So in 1950 they built a new elementary school and that’s where my mother went to be a secretary. My sister was in first grade when that happened. It was a small high school. And the course offering was limited. But somehow I think we got, I got, a good education. I went to the University of Rochester and was outclassed academically by kids from the city and from the New York suburbs who had all kinds of educational advantages. But I nevertheless think I had a good educational experience. It was broad, and I think we learned to get along with each other and to accept each other. Which I think is a great lesson.
JB: How do you think they taught you that? As far as how to get along with each other.
DP: Well my sixth grade teacher really worked at that. He came…it was his first year of teaching. He’d been to college on the GI bill. And for some reason that was one of the things that he wanted to instill in us. Each person was as good as someone…as the other person. And he had bulletin boards up that would emphasize that. I was pretty smart but he never treated me any differently than any other kid. And we had two girls who were twins come to our class after the year had started and they were in foster care and their dresses were made out of flour bags and he made it so that nobody looked down on them.

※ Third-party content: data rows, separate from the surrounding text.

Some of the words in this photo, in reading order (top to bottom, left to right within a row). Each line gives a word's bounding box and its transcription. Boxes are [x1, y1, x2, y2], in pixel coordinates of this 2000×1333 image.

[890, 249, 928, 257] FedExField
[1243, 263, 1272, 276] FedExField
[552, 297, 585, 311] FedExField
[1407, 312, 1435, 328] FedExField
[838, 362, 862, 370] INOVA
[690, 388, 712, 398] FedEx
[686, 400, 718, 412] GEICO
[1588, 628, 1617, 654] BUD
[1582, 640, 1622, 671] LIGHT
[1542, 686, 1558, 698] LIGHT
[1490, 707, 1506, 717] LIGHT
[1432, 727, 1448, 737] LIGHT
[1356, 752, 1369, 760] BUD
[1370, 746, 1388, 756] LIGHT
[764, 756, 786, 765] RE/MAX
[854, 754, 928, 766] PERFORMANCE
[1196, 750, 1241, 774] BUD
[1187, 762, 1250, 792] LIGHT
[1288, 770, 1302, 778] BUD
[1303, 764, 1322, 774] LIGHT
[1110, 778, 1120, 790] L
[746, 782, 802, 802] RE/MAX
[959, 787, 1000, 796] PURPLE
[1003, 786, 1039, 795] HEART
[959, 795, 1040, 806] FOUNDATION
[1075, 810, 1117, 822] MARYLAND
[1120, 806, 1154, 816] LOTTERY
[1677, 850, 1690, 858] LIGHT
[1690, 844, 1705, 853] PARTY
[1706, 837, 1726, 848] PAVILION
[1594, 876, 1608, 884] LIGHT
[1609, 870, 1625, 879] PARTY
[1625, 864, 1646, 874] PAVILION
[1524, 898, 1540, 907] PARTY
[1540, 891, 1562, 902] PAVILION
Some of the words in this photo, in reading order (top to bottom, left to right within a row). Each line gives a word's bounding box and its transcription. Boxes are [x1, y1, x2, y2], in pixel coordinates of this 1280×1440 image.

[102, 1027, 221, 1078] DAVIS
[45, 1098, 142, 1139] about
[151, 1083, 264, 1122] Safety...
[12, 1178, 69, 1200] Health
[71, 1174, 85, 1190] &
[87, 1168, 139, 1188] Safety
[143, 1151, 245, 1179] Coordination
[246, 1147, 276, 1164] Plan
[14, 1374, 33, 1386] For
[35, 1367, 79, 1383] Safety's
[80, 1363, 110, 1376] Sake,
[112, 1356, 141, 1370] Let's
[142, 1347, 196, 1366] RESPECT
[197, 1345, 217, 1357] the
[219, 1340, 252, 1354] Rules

And he told me a few years ago before he died, he said that “when they came to my class I really did not know what to do” and he said, and I’m only saying this because he told me, he said that I had somehow helped him to be able to incorporate them into the class. And I think my mother instilled that in me because I always tried to reach out to the ones who were different or poor. And I think because it was so small everybody knew everybody and you sort of just accepted them for who they were.